Le Parlement portugais adopte une résolution reconnaissant la Nakba palestinienne

 Le Parlement portugais adopte une résolution reconnaissant la Nakba palestinienne

Trois membres de la Haganah, la force d’autodéfense de l’Agence juive, escortent le 12 mai 1948 à Haïfa trois Palestiniens expulsés de la ville après la prise du port par les forces juives le 22 avril 1948. La première guerre israélo-arabe de 1948-1949 reflète l’opposition des États arabes à la formation de l’État juif, qu’ils considèrent comme un territoire arabe. Le 29 novembre 1947, l’Assemblée générale des Nations unies a voté la résolution 181 sur le partage de la Palestine en deux États, l’un juif et l’autre arabe. INTERNATIONAL NEWS PHOTOS (INP) / AFP

Une bonne nouvelle passée presque inaperçue. Le Parlement portugais a adopté ce vendredi 21 juillet une résolution reconnaissant la Nakba palestinienne et apportant son soutien à « la lutte du peuple palestinien pour l’autodétermination ».

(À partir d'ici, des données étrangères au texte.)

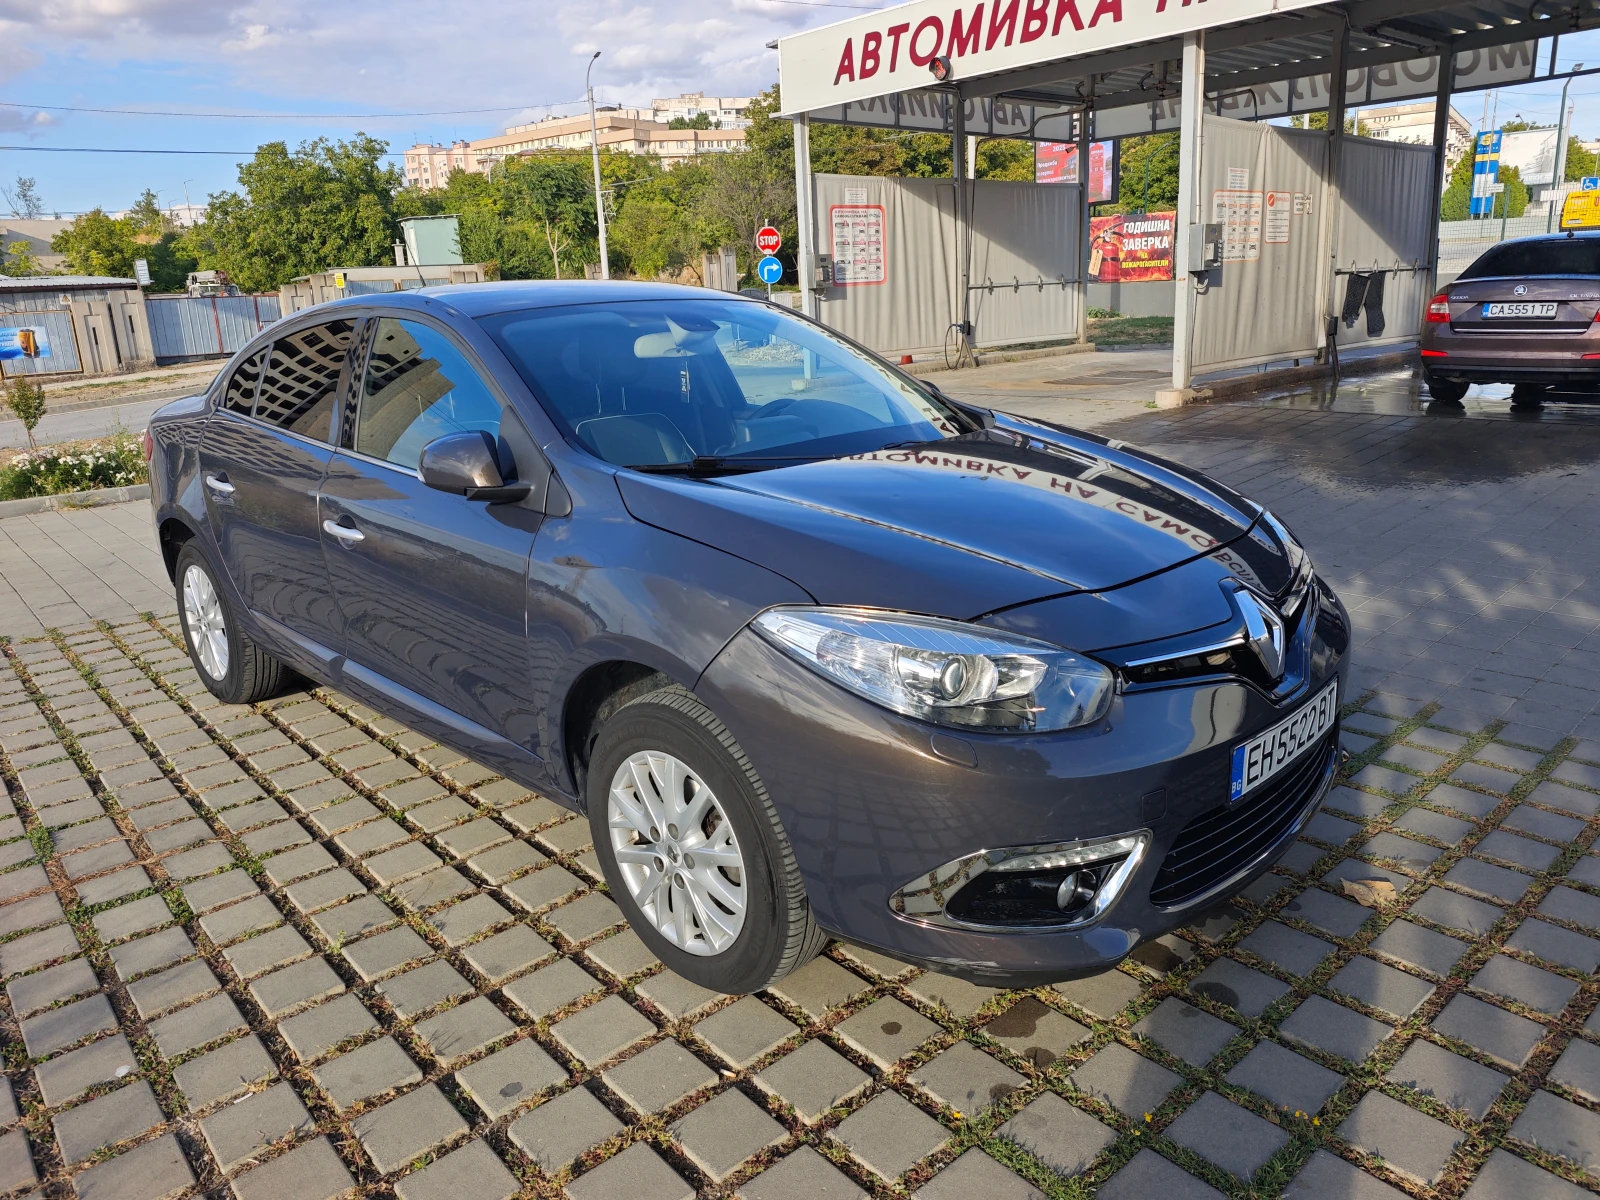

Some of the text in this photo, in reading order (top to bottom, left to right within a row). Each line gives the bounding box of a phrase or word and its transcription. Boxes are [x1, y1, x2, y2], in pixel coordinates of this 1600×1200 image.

[1123, 219, 1170, 234] ГОДИШНА
[759, 235, 778, 246] STOP
[1122, 236, 1169, 251] ЗАВЕРКА
[1121, 260, 1169, 269] ПОЖАРОГАСИТЕЛИ
[1231, 778, 1242, 794] BG

Le 15 mai 1948, en pleine guerre israélo-arabe et au lendemain de la proclamation de l’Etat d’Israël, 800 000 Palestiniens quittent leurs maisons, leurs terres, poursuivies par les milices sionistes. Un évènement tragique plus connu sous le nom de Nakba.

La Nakba, c’est aussi la destruction entre 1947 et 1949, de plus de 500 villages palestiniens, dont le plus connu est Deir Yassine, situé à l’ouest de Jérusalem. Ses 250 habitants furent massacrés par les forces d’occupation israéliennes.

La résolution portugaise, adoptée à la majorité des députés, condamne fermement « l’expansionnisme » d’Israël en Cisjordanie ainsi que sa « violation continue du droit international ».

Le texte appelle par ailleurs le gouvernement portugais à adopter une position « claire et franche » en faveur de la défense des droits du peuple palestinien, comme le rapporte l’agence de presse palestinienne WAFA.

Les députés du Parti socialiste (PS) au pouvoir, du Parti communiste (PCP) et du Bloc de gauche (BE) ont voté en faveur de la résolution, tandis que ceux du Parti social-démocrate (PPD/PSD) et du parti de droite Chega (CH) ont voté contre.

Le ministère palestinien des Affaires étrangères s’est réjoui de la reconnaissance de la Nakba par le Parlement ainsi que du soutien exprimé envers la lutte du peuple palestinien.

Dans une déclaration, il a souligné que l’adoption de la résolution témoignait de la véritable solidarité du Portugal envers le sort du peuple palestinien, une solidarité qui perdure depuis 75 ans.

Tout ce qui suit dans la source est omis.